===== Input data
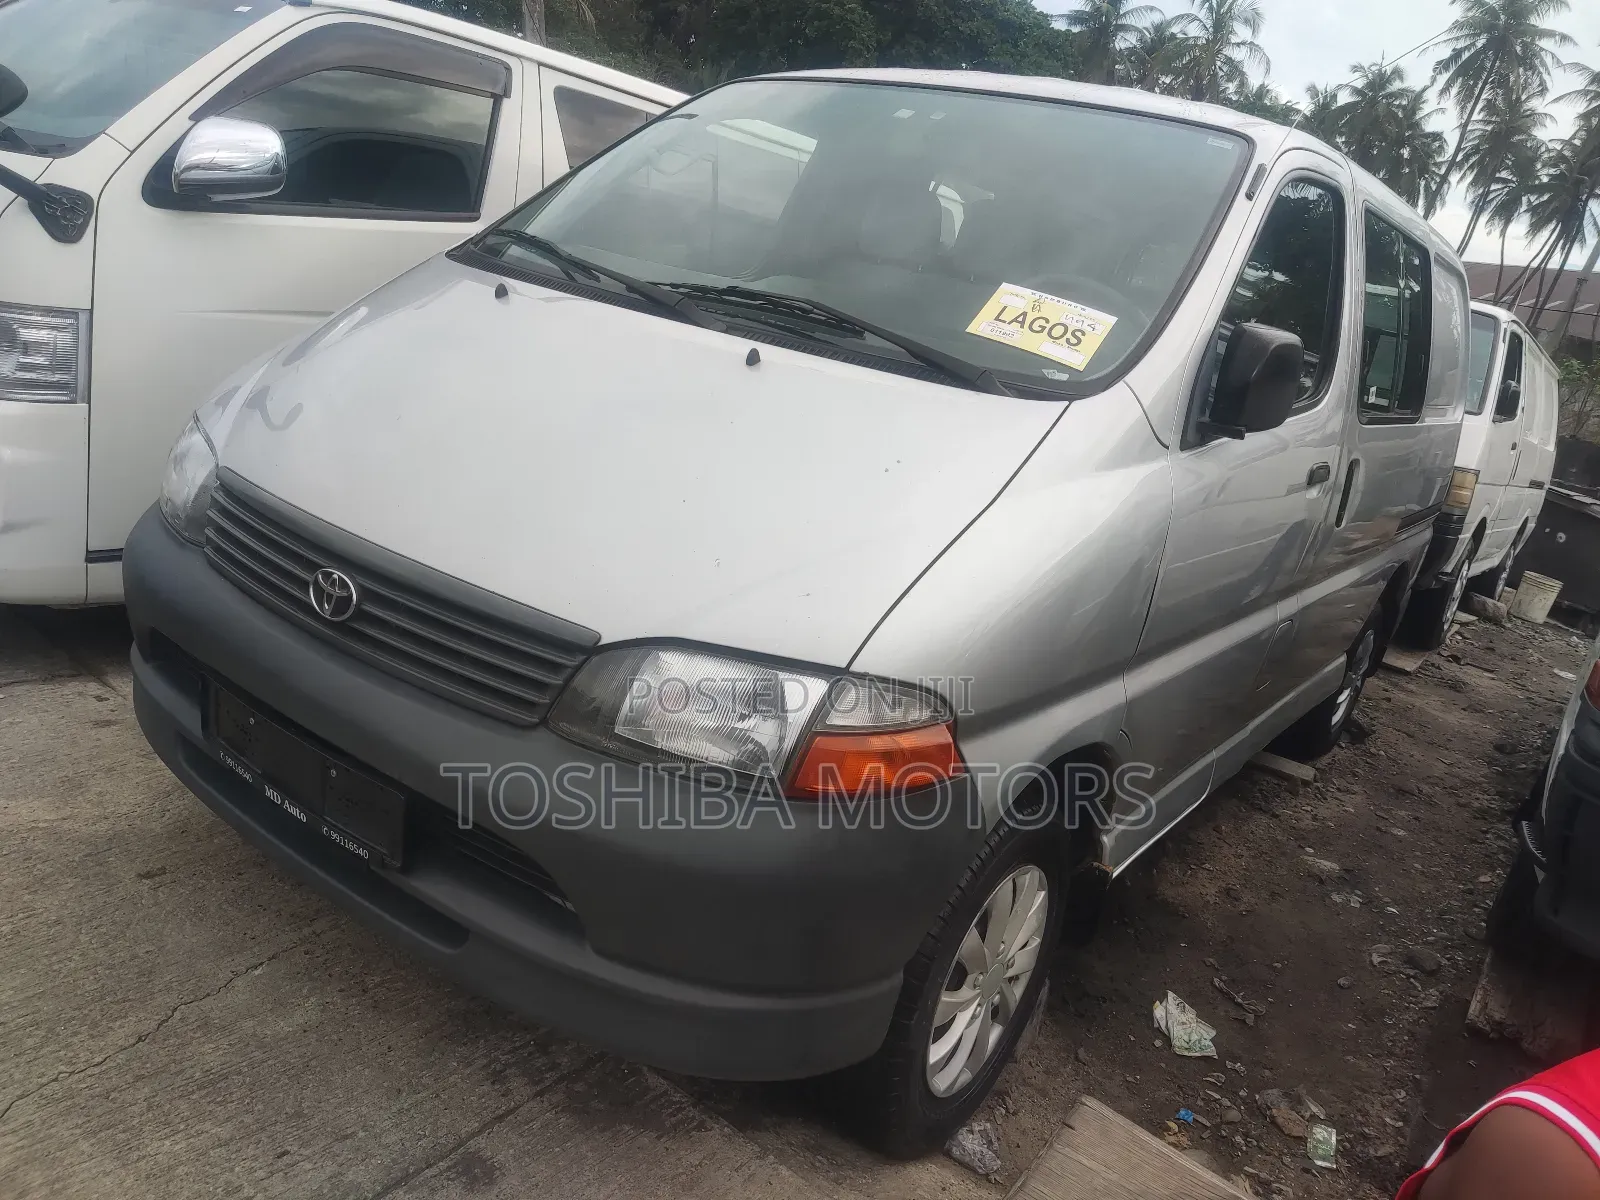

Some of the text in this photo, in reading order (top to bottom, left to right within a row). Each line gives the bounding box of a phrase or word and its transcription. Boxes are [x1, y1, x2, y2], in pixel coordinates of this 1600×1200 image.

[993, 305, 1086, 347] LAGOS
[225, 755, 253, 783] 99116540
[264, 784, 307, 823] MD Auto
[330, 830, 369, 860] 99116540
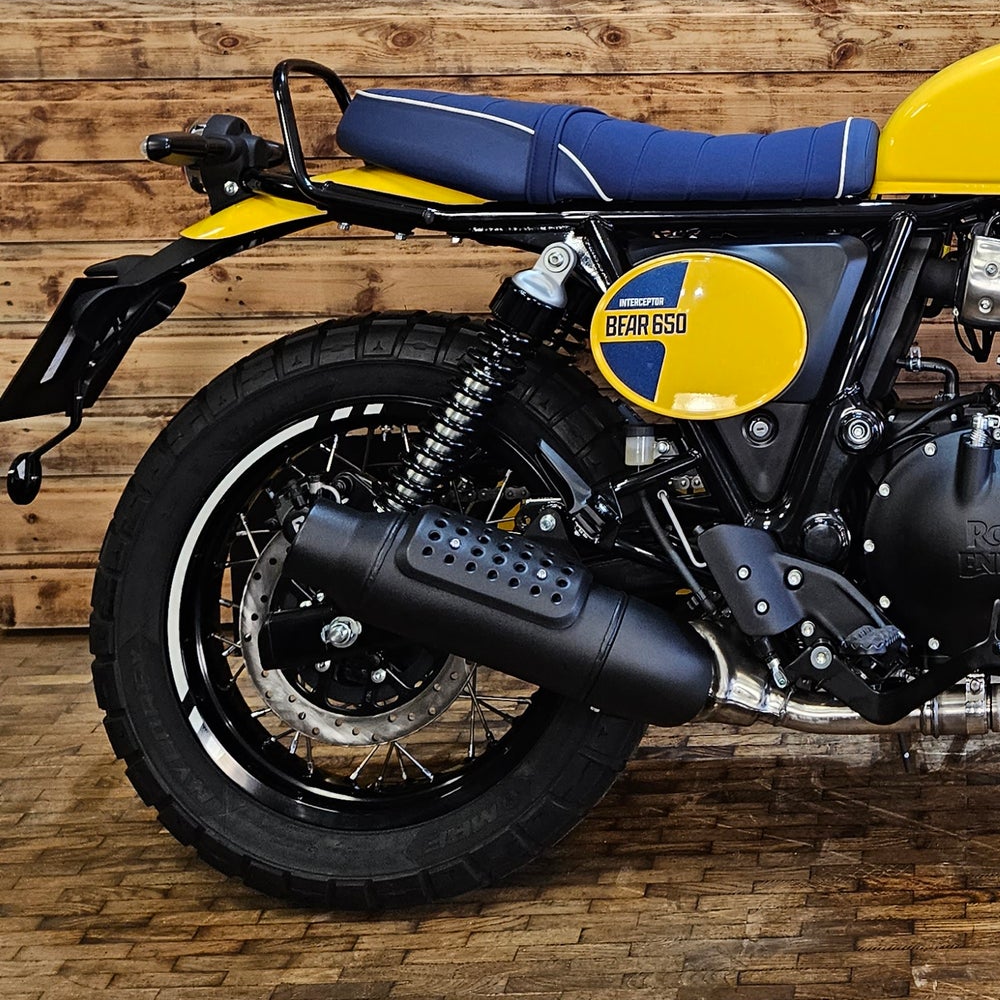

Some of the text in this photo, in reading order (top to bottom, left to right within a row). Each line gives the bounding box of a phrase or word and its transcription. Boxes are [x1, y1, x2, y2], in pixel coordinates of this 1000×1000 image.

[619, 297, 665, 307] INTERCEPTOR
[605, 313, 687, 337] BEAR 650
==========
**Work task:**
Word for word, give the entries back in full; the pictures do not belong in the copy.

**Exercise result:**
Some of the text in this photo, in reading order (top to bottom, left to right within a row). Each line gives the bounding box of a phrase or word and its transcription. Boxes are [x1, y1, x2, y2], in pixel coordinates of this 1600×1200 image.

[993, 305, 1086, 347] LAGOS
[225, 755, 253, 783] 99116540
[264, 784, 307, 823] MD Auto
[330, 830, 369, 860] 99116540

Some of the text in this photo, in reading order (top to bottom, left to right within a row). Each line gives the bounding box of a phrase or word and its transcription. Boxes are [x1, y1, x2, y2], in pixel coordinates of this 1000×1000 image.

[619, 297, 665, 307] INTERCEPTOR
[605, 313, 687, 337] BEAR 650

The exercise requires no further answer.